Recently I’ve been thinking of going back to my hometown. The day I left, I promised never to go back again, no matter what happened. I hate that place. Well…I did hate it while growing up. I always felt under the spotlight and who I was, was never good enough. I was always too much or too less. Too quiet. Too weird. Too skinny. Too socially awkward. Too much of a loner.
So when I finally moved out, I thought I’ll finally be somewhere where nobody knows me and be who I really am. Too bad at that point I had no idea who I was. I’m still trying to figure myself out after years of being ‘who I was supposed to be’. New countries, new cities help a little but when things are about you, it’s you who need to figure things out. Not new cities.
I started teaching in a preschool in my hometown and I got my TEFL diploma there too, certified by an American language institute. And though I moved to London afterwards to work and continue my education, teaching English as a foreign language in an English speaking country is like looking for water in Antarctica; one way or the other you’ll get it. So now I’m in Italy trying to figure out my future and my hometown is starting to look really good right now. There, I’d be able to find a job, continue studying and perhaps enjoy life a little bit more than I am now.
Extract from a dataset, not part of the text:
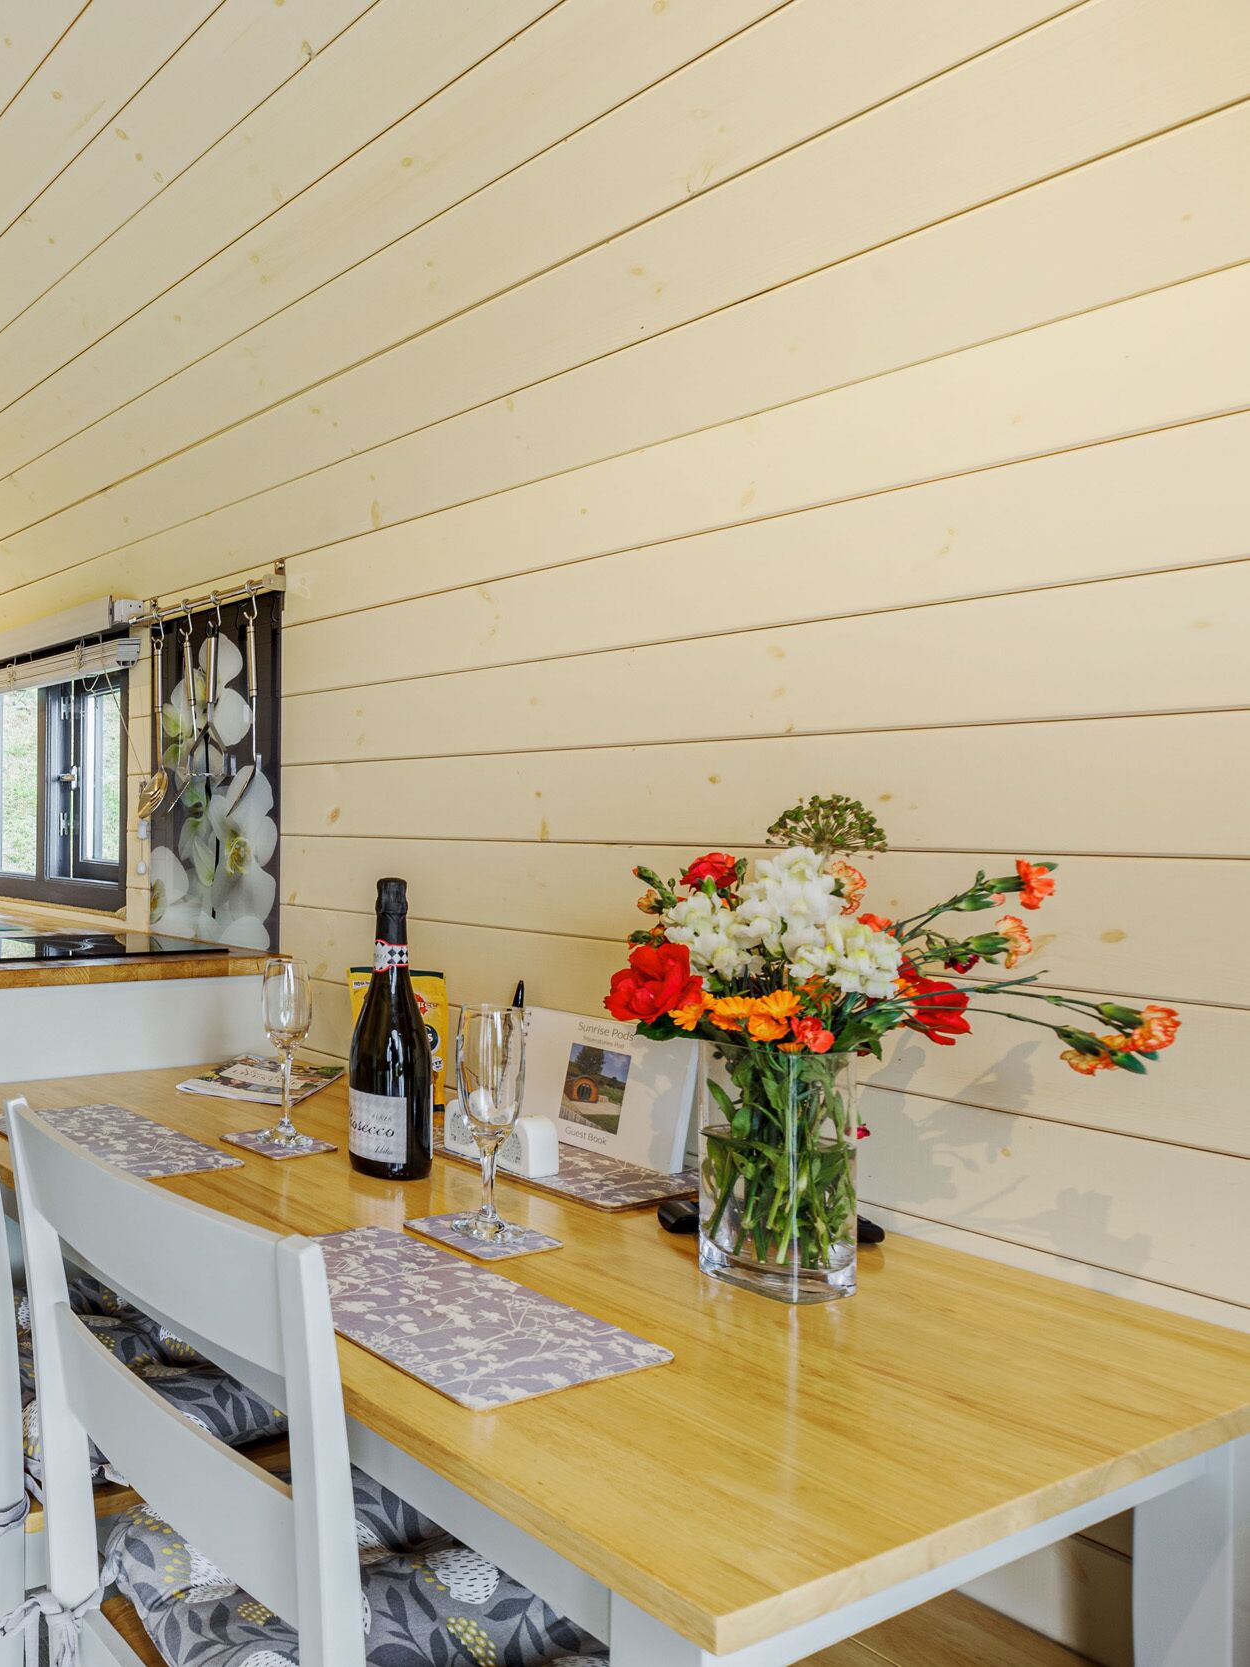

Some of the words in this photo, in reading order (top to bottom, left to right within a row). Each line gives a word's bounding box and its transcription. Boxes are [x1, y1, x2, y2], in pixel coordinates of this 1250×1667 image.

[578, 1021, 609, 1036] Sunrise
[611, 1028, 635, 1042] Pods
[565, 1126, 586, 1140] Guest
[587, 1133, 606, 1146] Book
But then there is this sense of failure holding me back, like going back home is marking me as ‘one who didn’t make it’. Didn’t make it in London. In Italy. There are people I know back home begging for a chance to get out and I feel I should work harder on this opportunity I got to finally make it out of there. I’m almost thirty, I should have a life by now. Should have a place in the world that I can call home apart from the place I grew up in.
At the same time, I don’t want my stubbornness and determination not to go back home to hinder my chances of doing better, career wise and life wise.
Home should be a happy place, wherever I decided it to be.